Comité d'organisation Miss Cameroun
- Formation: 1960; 66 years ago
- Type: Beauty pageant
- Headquarters: Yaoundé
- Location: Cameroon;
- Members: Miss Universe; Miss World; Miss Cosmo;
- Official languages: French
- Chairman: Solange Ingrid
- Website: misscameroun.net

= Miss Cameroon =

National beauty pageant

Miss Cameroon (Miss Cameroun) is a national Beauty pageant in Cameroon where the winners traditionally go to Miss Universe or Miss World. The current Miss Cameroon 2025 is Audrey Black. She will represent Cameroon at Miss Universe 2026 pageant.

==History==
The beauty pageant history in Cameroon was held for the first time in 1960 under Ministry of Culture. The Miss Independence pageant happened on 1 January 1960 in Yaounde as Cameroun became an independent republic. Julienne Ayissi Eyenga Fouda is the first beauty queen in Cameroon history.

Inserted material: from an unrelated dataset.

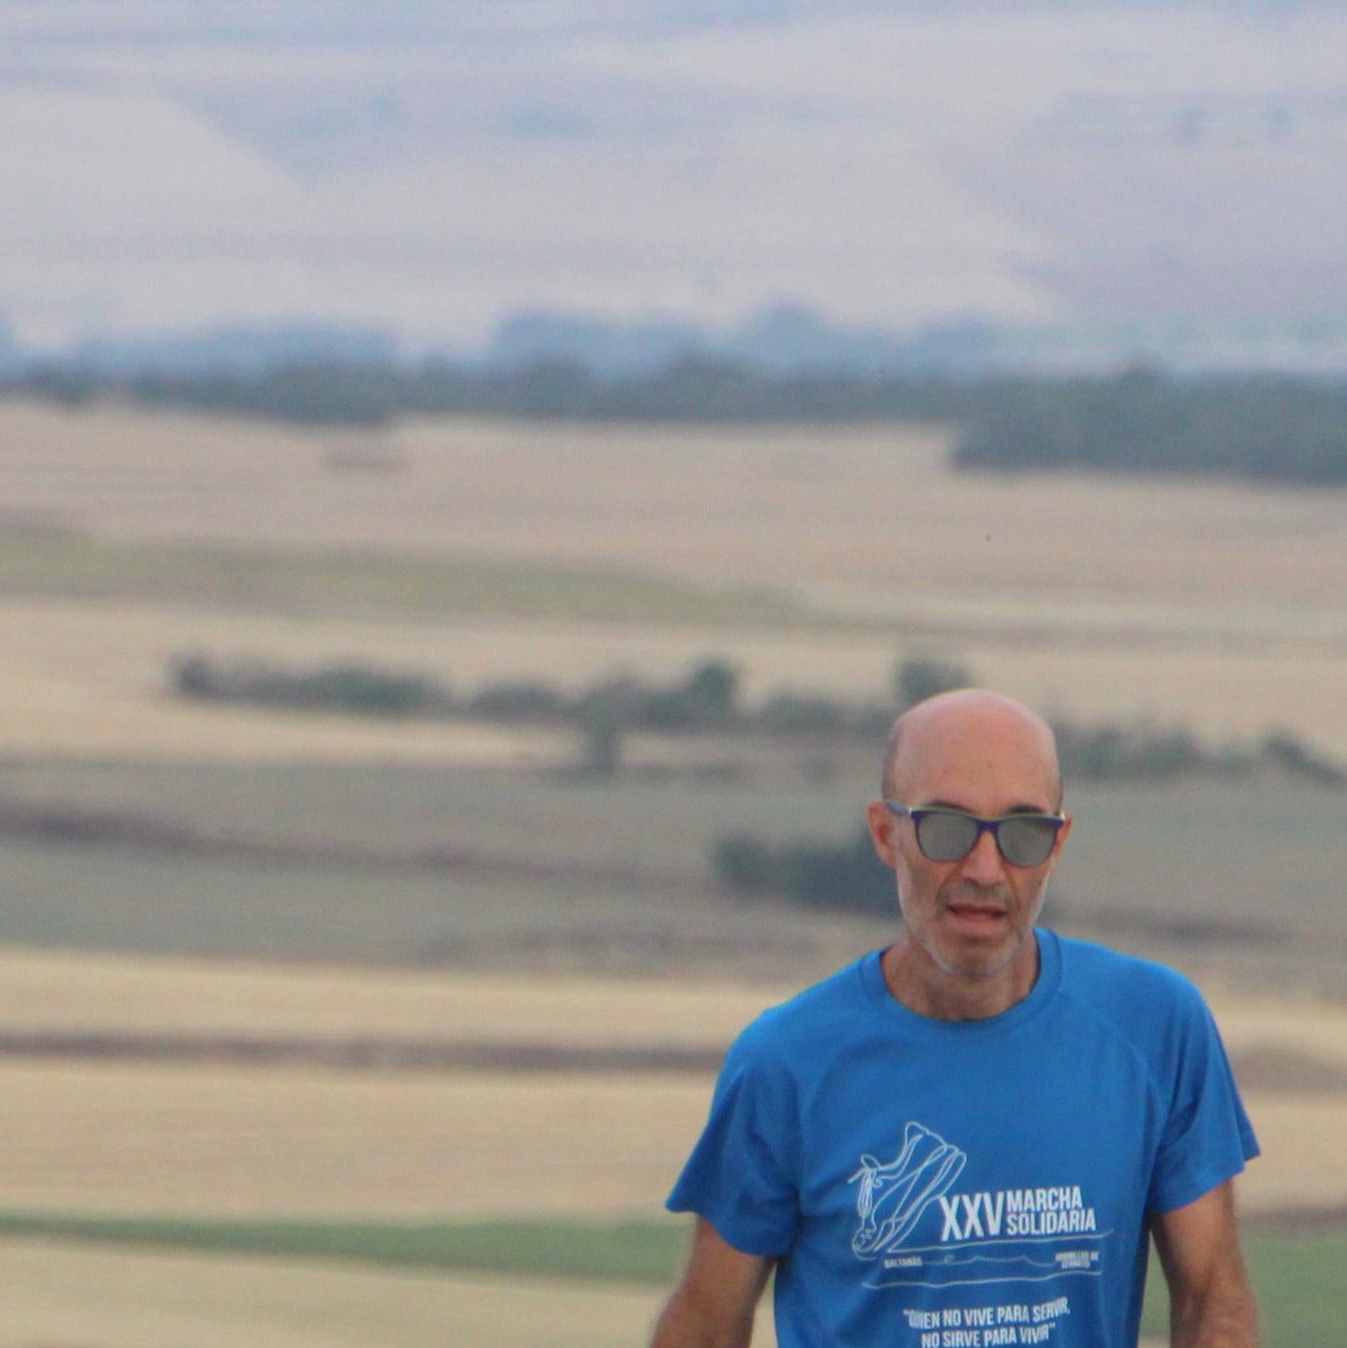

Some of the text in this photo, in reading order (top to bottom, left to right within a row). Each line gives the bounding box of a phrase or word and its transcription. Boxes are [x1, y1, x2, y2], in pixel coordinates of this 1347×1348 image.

Established in 2002 the COMICA or Committee of Miss Cameroun happened in Yaounde. The pageant aims to be a tourism promotion of the country. The titleholder also becomes an ambassador who represents all women across the country to celebrate once year in her beauty, intelligence and values. All region winners in Cameroon will compete at Miss Cameroon every year.

===Miss World Cameroon===
The COMICA as the main national beauty committee in Cameroon is an official franchise holder to Miss World. Started in 2013 the main winner scheduled to go to Miss World.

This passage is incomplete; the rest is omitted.